Echtermeyer Christoph, Smulders Tom V, Smith V Anne
School of Biology, University of St Andrews, St Andrews, KY16 9TS, UK.
Institute of Neuroscience, The Henry Wellcome Building for Neuroecology, Newcastle University, Newcastle upon Tyne, NE2 4HH, UK.

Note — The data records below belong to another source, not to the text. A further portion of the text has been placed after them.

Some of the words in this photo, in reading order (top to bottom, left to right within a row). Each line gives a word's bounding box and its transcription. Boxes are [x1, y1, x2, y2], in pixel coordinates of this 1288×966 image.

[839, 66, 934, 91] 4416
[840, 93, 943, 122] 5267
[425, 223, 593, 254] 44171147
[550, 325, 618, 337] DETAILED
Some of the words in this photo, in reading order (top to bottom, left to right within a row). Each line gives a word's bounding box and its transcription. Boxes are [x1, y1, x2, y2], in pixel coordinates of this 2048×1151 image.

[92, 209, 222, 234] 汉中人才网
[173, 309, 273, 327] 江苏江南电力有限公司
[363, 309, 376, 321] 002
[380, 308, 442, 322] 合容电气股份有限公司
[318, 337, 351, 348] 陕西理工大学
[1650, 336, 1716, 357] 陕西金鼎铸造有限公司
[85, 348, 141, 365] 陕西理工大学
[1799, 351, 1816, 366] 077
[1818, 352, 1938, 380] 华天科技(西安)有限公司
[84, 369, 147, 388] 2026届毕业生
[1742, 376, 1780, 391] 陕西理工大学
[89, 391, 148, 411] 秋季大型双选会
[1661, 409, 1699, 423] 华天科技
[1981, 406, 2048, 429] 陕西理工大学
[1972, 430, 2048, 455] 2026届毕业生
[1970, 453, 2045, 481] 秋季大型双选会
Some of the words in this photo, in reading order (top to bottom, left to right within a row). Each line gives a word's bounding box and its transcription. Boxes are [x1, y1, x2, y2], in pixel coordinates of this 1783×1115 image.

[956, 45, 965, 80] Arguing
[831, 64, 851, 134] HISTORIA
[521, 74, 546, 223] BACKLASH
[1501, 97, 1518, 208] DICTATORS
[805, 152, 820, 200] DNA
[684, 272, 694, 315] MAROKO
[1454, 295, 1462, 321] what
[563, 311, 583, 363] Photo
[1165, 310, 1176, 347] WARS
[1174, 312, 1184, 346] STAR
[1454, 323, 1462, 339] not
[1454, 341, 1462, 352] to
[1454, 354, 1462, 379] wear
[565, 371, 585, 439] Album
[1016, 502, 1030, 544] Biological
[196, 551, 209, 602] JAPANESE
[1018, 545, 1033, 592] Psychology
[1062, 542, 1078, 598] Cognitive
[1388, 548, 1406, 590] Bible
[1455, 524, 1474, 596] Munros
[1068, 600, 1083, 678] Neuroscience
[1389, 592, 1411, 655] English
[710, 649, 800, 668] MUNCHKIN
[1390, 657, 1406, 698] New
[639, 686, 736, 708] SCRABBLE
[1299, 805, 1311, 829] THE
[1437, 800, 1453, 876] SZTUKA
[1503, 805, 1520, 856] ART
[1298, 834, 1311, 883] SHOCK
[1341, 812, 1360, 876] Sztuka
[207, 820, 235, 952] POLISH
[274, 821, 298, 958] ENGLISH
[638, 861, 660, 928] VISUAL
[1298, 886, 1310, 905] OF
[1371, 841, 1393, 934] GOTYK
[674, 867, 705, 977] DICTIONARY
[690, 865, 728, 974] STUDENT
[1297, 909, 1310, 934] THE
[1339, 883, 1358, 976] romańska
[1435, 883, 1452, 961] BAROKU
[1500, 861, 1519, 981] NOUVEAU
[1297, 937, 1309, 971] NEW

J Comput Neurosci. 2010 Aug;29(1-2):231-252. doi: 10.1007/s10827-009-0174-2. Epub 2009 Jul 31.
We present a new approach to learning directed information flow networks from multi-channel spike train data. A novel scoring function, the Snap Shot Score, is used to assess potential networks with respect to their quality of causal explanation for the data. Additionally, we suggest a generic concept of plausibility in order to assess network learning techniques under partial observability conditions. Examples demonstrate the assessment of networks with the Snap Shot Score, and neural network simulations show its performance in complex situations with partial observability. We discuss the application of the new score to real data and indicate how it can be modified to suit other neural data types.
我们提出了一种从多通道尖峰序列数据中学习定向信息流网络的新方法。一种新颖的评分函数——快照分数,用于评估潜在网络对数据的因果解释质量。此外,我们提出了一个合理性的通用概念,以便在部分可观测条件下评估网络学习技术。实例展示了用快照分数对网络进行评估,神经网络模拟显示了其在部分可观测的复杂情况下的性能。我们讨论了新分数在实际数据中的应用,并指出如何对其进行修改以适用于其他神经数据类型。